La tecnología cumple un rol central en esta problemática. Casi la mitad de los encuestados (49%) reconoce que continúa revisando el correo electrónico o el celular laboral durante su tiempo de descanso. A esto se suma la presión externa: el 27% afirma que permanece conectado porque recibe mensajes o pedidos urgentes de jefes o compañeros durante sus días libres, una señal clara de que la cultura de la inmediatez sigue siendo un obstáculo para el bienestar colectivo.
El valor del descanso
“Debemos entender que el descanso no es un premio al esfuerzo, sino un requisito biológico y psicológico para el rendimiento sostenible”, explica . María Inés Solé, PCC (Professional Certified Coach) de ICF Argentina. La especialista señala que aprender a descansar es una habilidad que se entrena y propone algunas estrategias clave para lograr una verdadera desconexión.
Entre ellas, destaca la importancia de sincronizar el despertar natural: despertarse sin alarma es un indicador de que el cuerpo ha recuperado su equilibrio biológico y una forma concreta de saldar la deuda de sueño acumulada.
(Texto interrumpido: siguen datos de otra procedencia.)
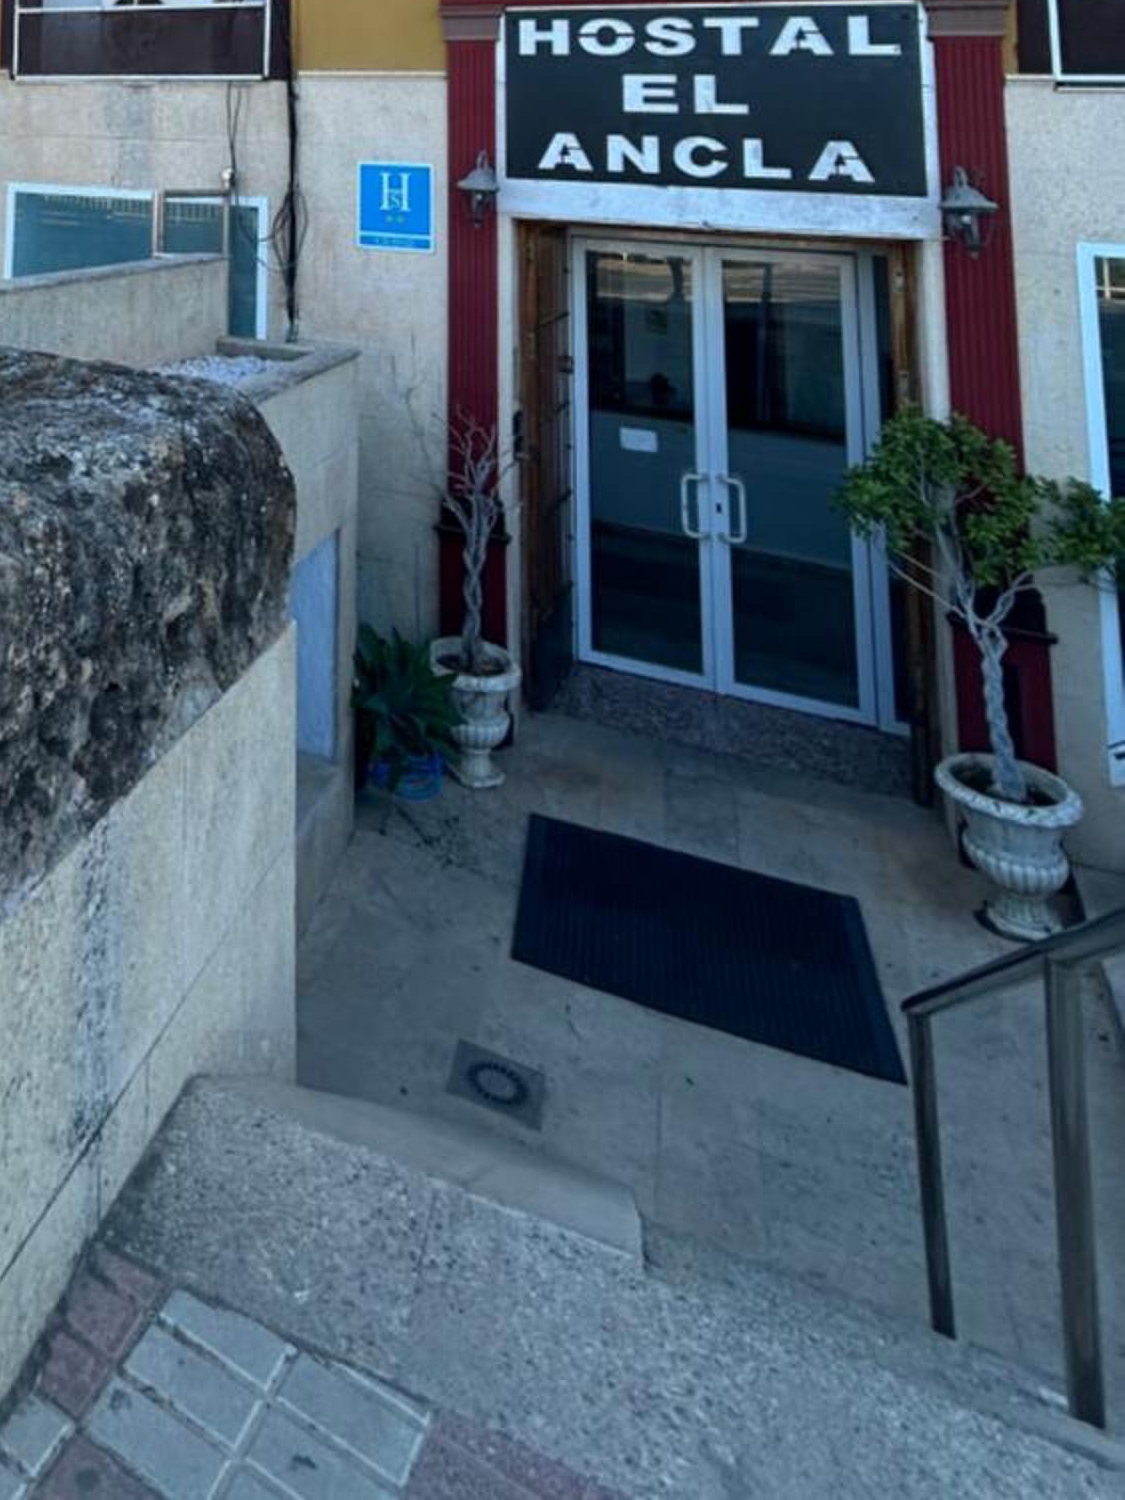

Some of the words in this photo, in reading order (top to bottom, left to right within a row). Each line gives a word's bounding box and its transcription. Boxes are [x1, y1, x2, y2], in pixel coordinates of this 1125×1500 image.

[517, 14, 903, 57] HOSTAL
[622, 73, 750, 116] EL
[537, 132, 877, 184] ANCLA
También recomienda desactivar el “modo alerta” mediante nuevos estímulos, como modificar rutinas, priorizar el contacto con la naturaleza o interactuar con personas ajenas al entorno laboral.
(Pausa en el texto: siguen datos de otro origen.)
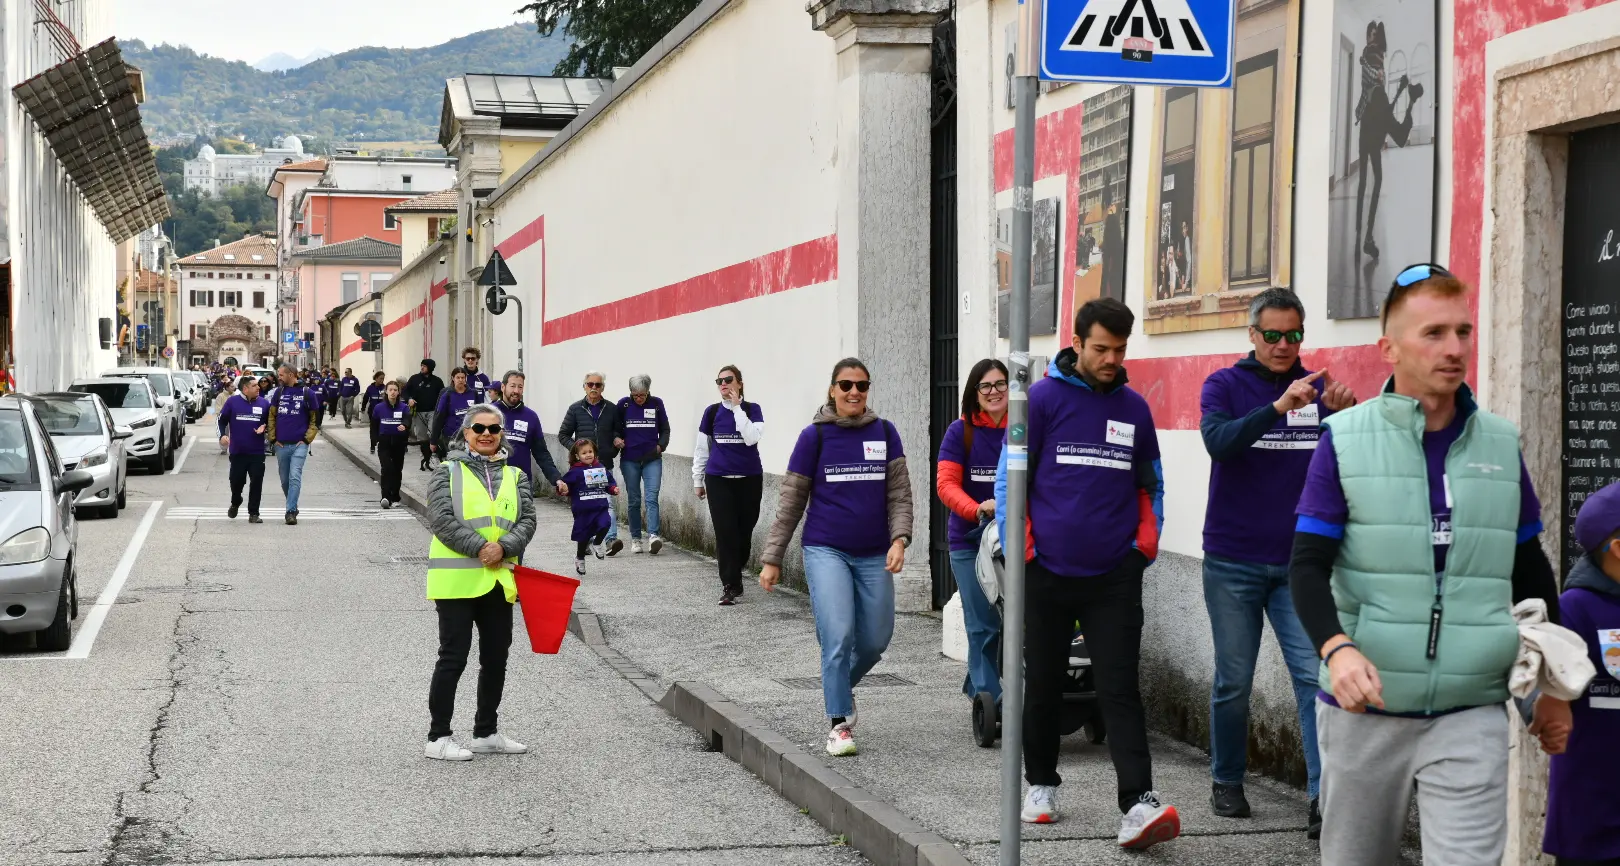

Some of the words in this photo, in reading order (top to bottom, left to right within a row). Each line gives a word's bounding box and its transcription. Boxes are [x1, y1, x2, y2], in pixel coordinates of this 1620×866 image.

[1566, 302, 1586, 319] Come
[1588, 304, 1611, 316] vivono
[1589, 321, 1616, 336] durante
[286, 333, 292, 342] P
[1567, 343, 1590, 357] Questo
[1592, 342, 1618, 361] progetto
[1567, 380, 1589, 400] Grazie
[1116, 430, 1134, 439] Asuit
[1056, 445, 1070, 453] Corri
[1080, 458, 1113, 467] TRENTO
[1589, 683, 1609, 693] Corri
Otro punto central es la gestión estratégica del entorno digital. Reducir el uso del celular, silenciar notificaciones laborales, eliminar temporalmente aplicaciones que generan consumo pasivo de tiempo y evitar pantallas antes de dormir son medidas clave para favorecer un descanso profundo. En ese sentido, se sugiere aplicar la regla 20-20-20 para aliviar la fatiga visual.
Gestionar la ansiedad
Solo cuando se logra gestionar la ansiedad y eliminar la culpa asociada al descanso, las vacaciones pueden convertirse en un verdadero motor de recuperación. De lo contrario, el riesgo es caer en el síndrome de burnout o “trabajador quemado”, una condición que surge de la cronificación del estrés laboral.
Este síndrome se manifiesta a través de un agotamiento físico y mental persistente, pérdida de interés por las tareas, alteraciones en la autoestima y cambios en la personalidad. Se trata de un proceso progresivo que no solo impacta en el desempeño laboral, sino también en la calidad de vida.